Why You Worry About Getting Paid. And Why You Shouldn’t.

As a translator, you’re worried about two things.

The first is how to find clients.

The second is how to make sure you get paid from those clients.

Both are worries about the money.

And getting paid is a huge worry for translators just starting out.

It’s mainly due to three reasons:

1. Your business is your baby

You already know how to translate.

You have faith in your ability.

You trust your language skills.

You’re confident in yourself.

The worry comes when you have to turn over that confidence and trust to someone else that you don’t know.

That’s understandable.

The hardest thing for you to do as an entrepreneur is to trust someone else with any part of your business.

You’ve worked hard to make it your own.

The last thing you want is to let someone else mess it up.

2. The translation industry is different

The second issue is that translation is a weird profession in terms of getting paid by clients.

Mostly all of my friends that offer service-type businesses get paid from the client before getting paid.

Dentists don’t get paid after they clean someone’s teeth.

Accountants get paid before they do someone’s taxes.

Landscape architects get paid (at least partly) before starting a major renovation project.

So why is is that you have to wait to get paid until after you deliver your translation?

That makes every translator nervous, no matter how long they’ve been in the business.

  1. Everyone loves a horror story

Finally, we’re just like every other person out there.

We love horror stories that prove just how bad our industry can be.

Which posts get the most comments on translation forums?

The ones where a translator got ripped off.

Or the one where the translator was offered an incredibly low rate for a translation job.

Or how about the post complaining about how the translator was never paid for their work.

Those negative posts and experiences are the ones that stick with new translators because they play on the fears of translators just starting out.

These are all valid concerns.

I’m not going to tell you to ignore them and they’ll go away.

We all have fears that hold us back from moving forward in what we want to do.

It’s the same for you as a translator.

<align=”center”>The first step to overcome those fears, though, is to recognize that they exist.

Confirm that you have them.

Embrace them even.

Only then can you figure out how to overcome them.

So, how do you overcome your three fears above?

1. For your business to grow,  you will need to depend on other people.

Sure, when you are first starting out, you should focus on doing what you can in your business, just so you know about all the aspects of your business.

But clients are somewhat out of your control.

You have to trust that they will live up to their end of the agreement you make with them.

And most of them will.

And some things you won’t be able to do yourself.

Maybe you can’t do graphic design but want a new website design.

You’ll have to trust someone else to do that for you.

Say you want to learn how to run the finances for your business.

You’ll have to trust someone to show you how to do that.

That trust is OK to have.

The key is to make sure that you don’t delegate too much responsibility too soon. You still need a handle on your business.

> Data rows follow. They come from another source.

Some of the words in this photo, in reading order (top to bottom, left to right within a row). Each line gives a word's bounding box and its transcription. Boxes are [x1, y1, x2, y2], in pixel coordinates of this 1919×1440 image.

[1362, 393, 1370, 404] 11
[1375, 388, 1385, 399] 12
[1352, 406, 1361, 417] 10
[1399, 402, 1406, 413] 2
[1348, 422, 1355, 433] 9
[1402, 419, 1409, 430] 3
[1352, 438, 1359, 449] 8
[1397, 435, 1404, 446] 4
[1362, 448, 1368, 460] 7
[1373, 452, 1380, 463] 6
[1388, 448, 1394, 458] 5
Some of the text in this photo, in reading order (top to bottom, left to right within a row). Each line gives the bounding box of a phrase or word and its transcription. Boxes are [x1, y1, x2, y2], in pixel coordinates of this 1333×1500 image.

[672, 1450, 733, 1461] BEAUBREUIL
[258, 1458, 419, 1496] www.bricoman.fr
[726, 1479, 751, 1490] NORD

2. Being different doesn’t make something necessarily bad

Yes, the translation industry is different from other service industries in how the service provider gets paid.

But that doesn’t mean that you can’t borrow some of the techniques that those industries use to get paid.

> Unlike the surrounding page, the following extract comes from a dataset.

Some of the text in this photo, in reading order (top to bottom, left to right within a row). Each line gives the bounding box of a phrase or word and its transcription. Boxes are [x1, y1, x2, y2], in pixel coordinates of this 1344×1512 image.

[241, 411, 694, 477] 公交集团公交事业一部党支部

For example, one easy tip you can do right away is to charge clients in two separate bills.

Tell them that they have to pay half before you get started and then the second part upon delivery of the translation.

Create a password protected file that can only be accessed by the client when you receive payment.

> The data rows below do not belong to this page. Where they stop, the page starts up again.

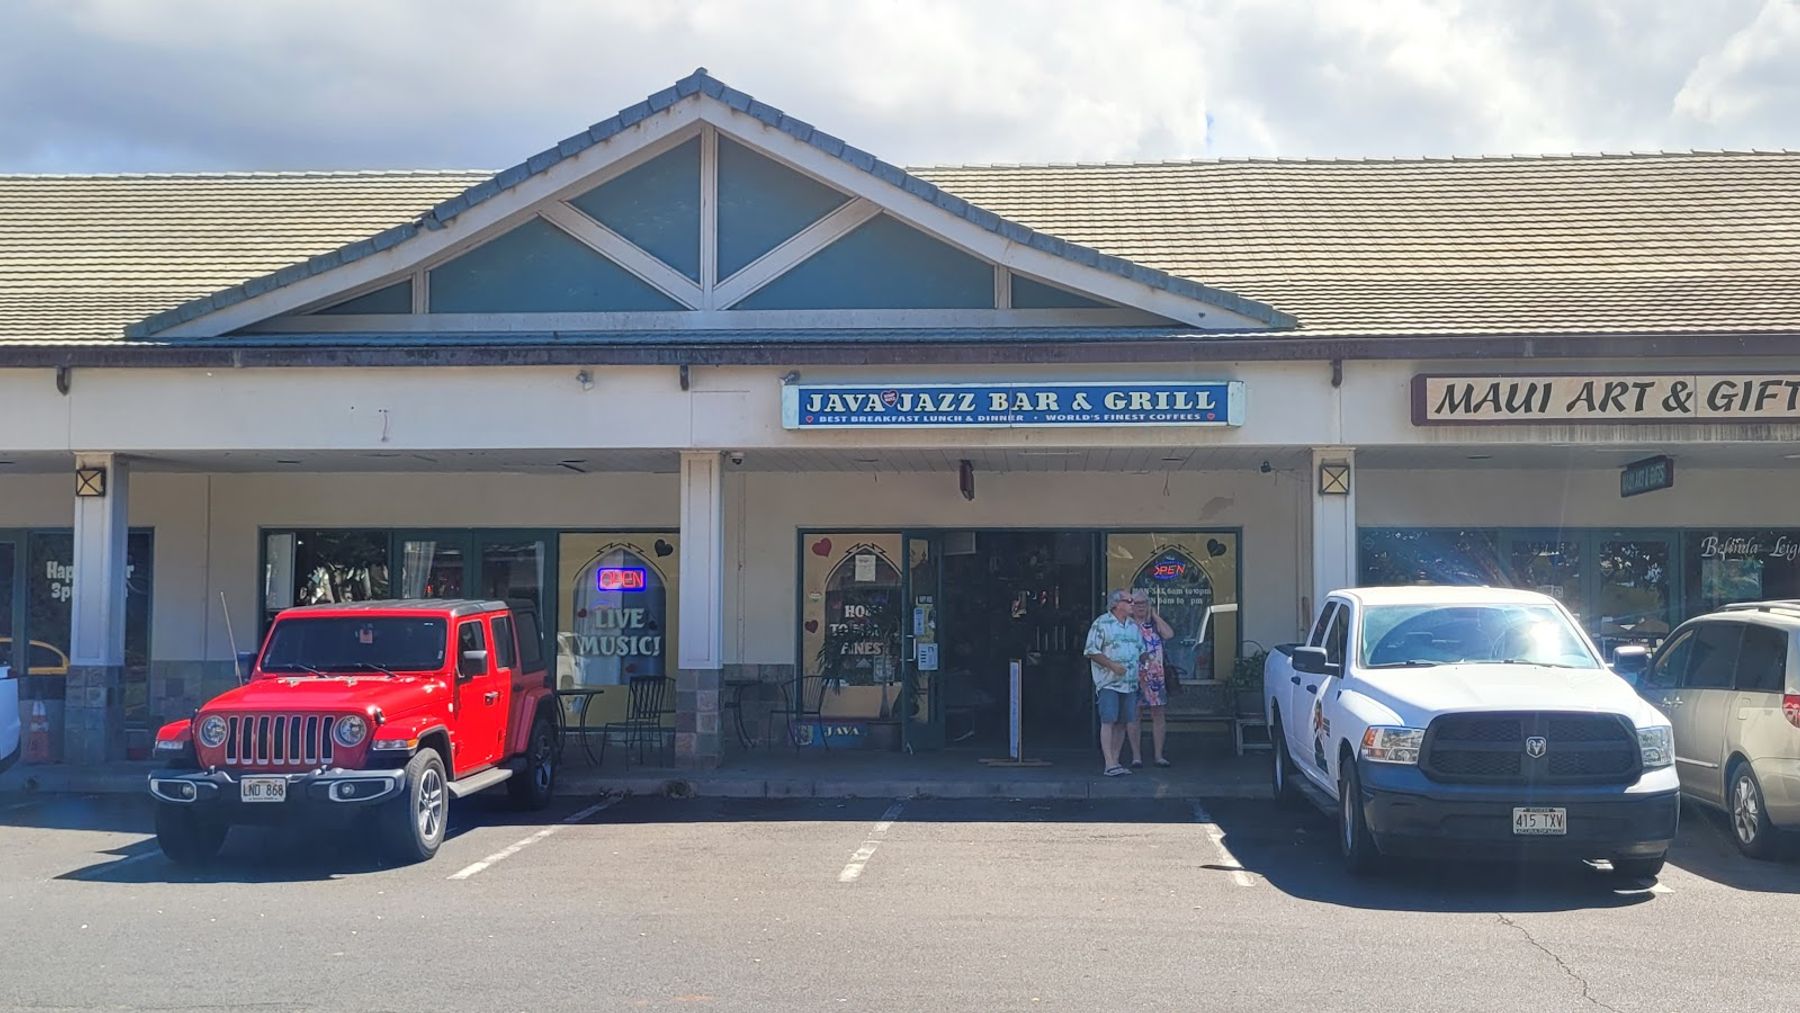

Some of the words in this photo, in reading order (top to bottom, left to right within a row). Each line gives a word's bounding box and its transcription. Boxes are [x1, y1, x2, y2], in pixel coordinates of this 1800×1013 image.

[806, 393, 886, 412] JAVA
[897, 393, 976, 412] JAZZ
[988, 392, 1060, 411] BAR
[1072, 392, 1092, 411] &
[1104, 391, 1216, 410] GRILL
[1434, 382, 1552, 414] MAUI
[1566, 381, 1655, 412] ART
[1661, 381, 1694, 413] &
[1706, 380, 1800, 412] GIFT
[819, 415, 847, 423] BEST
[851, 415, 920, 423] BREAKFAST
[1046, 413, 1100, 421] WORLD'S
[1149, 412, 1201, 420] COFFEES
[1769, 535, 1800, 561] Leig
[601, 571, 643, 587] OPEN
[595, 608, 645, 629] LIVE
[580, 636, 661, 656] MUSIC!
[824, 726, 859, 736] JAVA
[243, 783, 261, 796] LND
[265, 783, 284, 797] 868
[1516, 814, 1536, 828] 415
[1543, 814, 1563, 828] TXV

There are a lot of things you can do to make sure you get paid as a translator.

But you have to implement them in order for them to work.

Simply complaining about it isn’t going to make things better.

3. Don’t believe the hype

It’s easy to believe the negative.

To focus on the worst case scenario of everything.

To think that just because something bad happened to someone once, it will most likely happen to you.

Don’t believe the hype.

People always focus on the negative

It’s easy to do.

It takes no effort.

Plus, it makes an easy scapegoat when things don’t work out how you want or if you fail.

You can say, “See, that person got screwed/failed/didn’t succeed. There was no way I was going to, either. The system is rigged against me.”

That’s an easy way out.

Those that really want to succeed don’t fall for those traps.

Instead, you will focus on the good.

You know that most translators don’t have those types of bad experiences.

It’s rare.

And it’s unlikely to happen to you.

Change your mindset on getting paid and you’ll be in a much better position than most translators are when they are just starting out.